Мимо окон по сухой, неровной дороге медленно проехал старый Кировец с телегой, груженной доверху зеленым силосом, и от его огромных тракторных колес в улице поднялась пыль. Макар через тюлевые шторки взглядом проводил совхозную технику и закачал головой.
– Пылюка? – увидев недовольное лицо хозяина, тоже кивнул Василий. – Когда уже заасфальтируют вам? А?
Не обращая внимания на вопрос брата по поводу дороги, Макар задумчиво посмотрел на него.
– Очень важное чувство думающего человека, это он обязательно должен быть готовым к смерти в любой момент. – отпив из стакана половину, прокряхтел отец.
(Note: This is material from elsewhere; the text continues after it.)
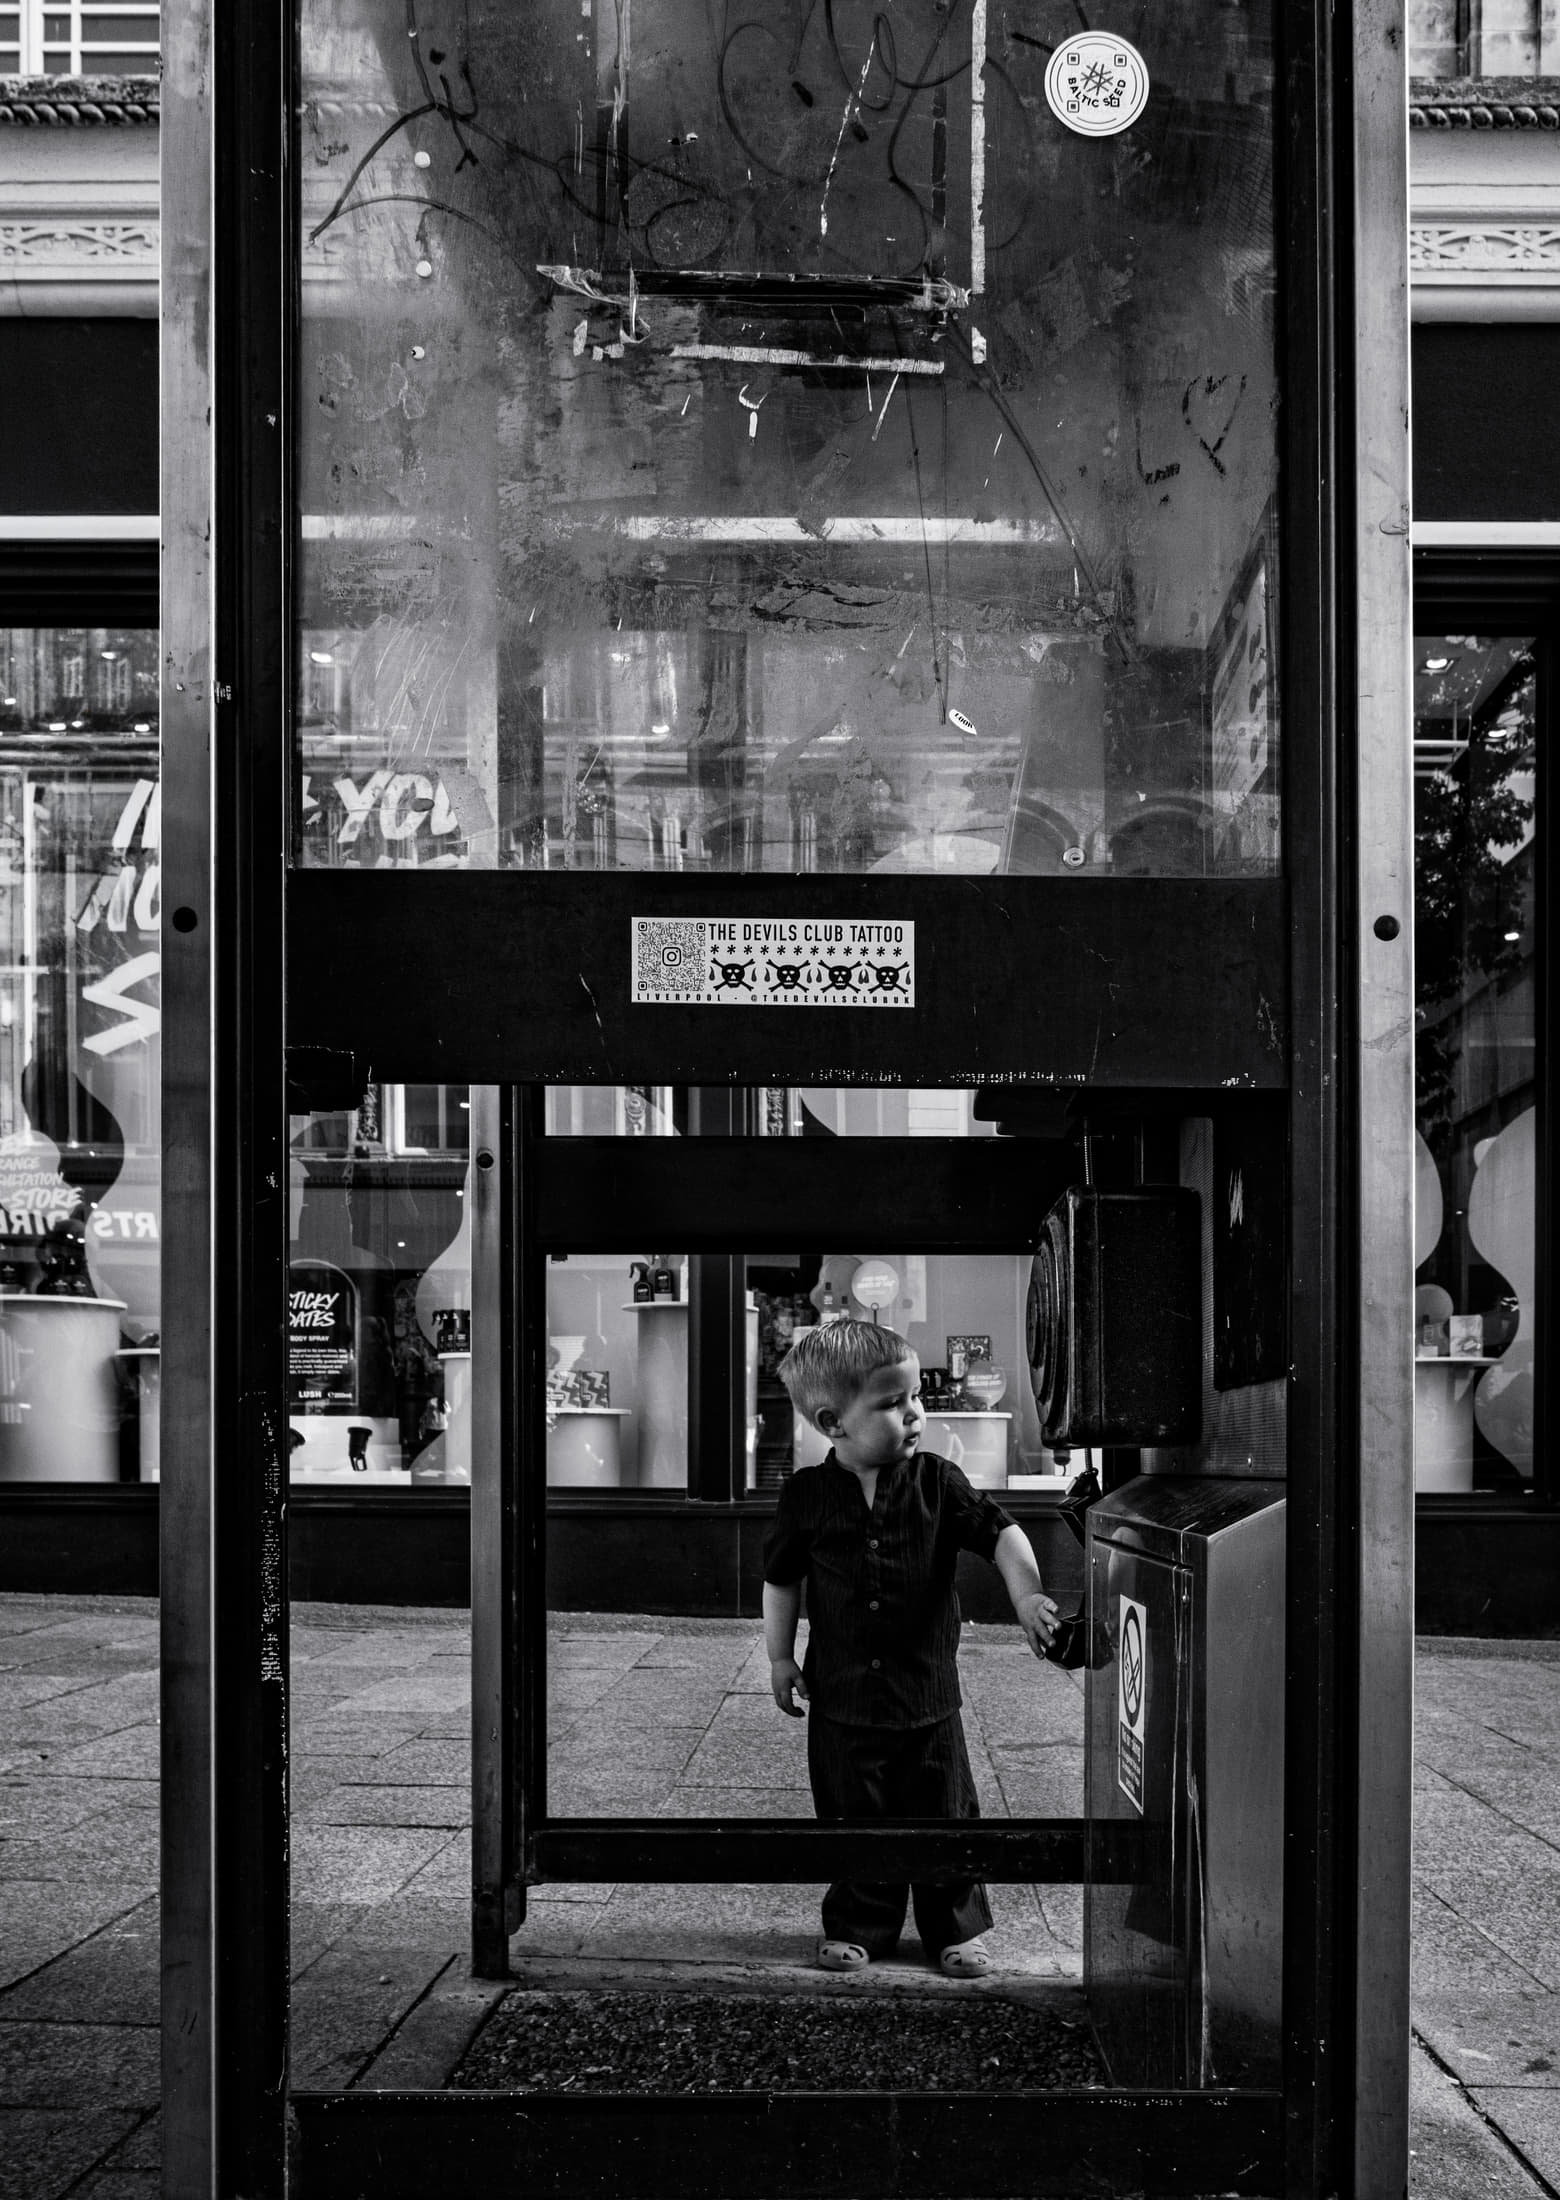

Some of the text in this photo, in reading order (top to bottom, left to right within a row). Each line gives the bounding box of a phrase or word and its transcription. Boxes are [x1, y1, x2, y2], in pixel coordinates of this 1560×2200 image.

[1068, 77, 1099, 108] BALTIC
[708, 923, 904, 943] THE DEVILS CLUB TATTOO
[637, 993, 721, 1002] LIVERPOOL
[298, 1390, 322, 1398] LUSH
– Вот ты заладил. – отмахнулся от хозяина, как от летающего возле лица шмеля Василий. – Да хватит тебе про смерть-то талдычить, Макар. Ты, как сорока, ей Богу. Ты каждый раз, как запируешь, так сразу про нее, дурак, трындишь. Належишься в земле-то еще, належишься. Пока Бог дает тебе сил и здоровья, так ты поживи.
– А я теперь в нее не боюсь, в могилку-то.
– Ты опять о своем?
– Да и вообще, я ничего не боюсь. Отбоялся, хватит. Оно может, выйдет еще даже лучше, если я туда скорее угадаю. Там сын ведь у меня. А знаешь, как я соскучился об сыне? Знаешь, что мы без него теперь с матерью не живем, а существуем, как привидения вдвоем?
– Да милый ты мой. Да как же я не знаю-то? Только успеешь ты туда под землю-то, успеешь. Из нас ни один надолго не задержится тут. Человек ведь не знает, что его ждет даже в следующую минуту. Поэтому надо ценить эту жизнь. Пусть хоть она и будет такая поганая и пустая, но все равно она жизнь.
– Эх-хе-хе. Осточертело все, Васек. – тоскливо вздохнул Макар. – Даже глаза, ни на что не глядят. Еще только утром глаза открываю, а уже воротит от всего.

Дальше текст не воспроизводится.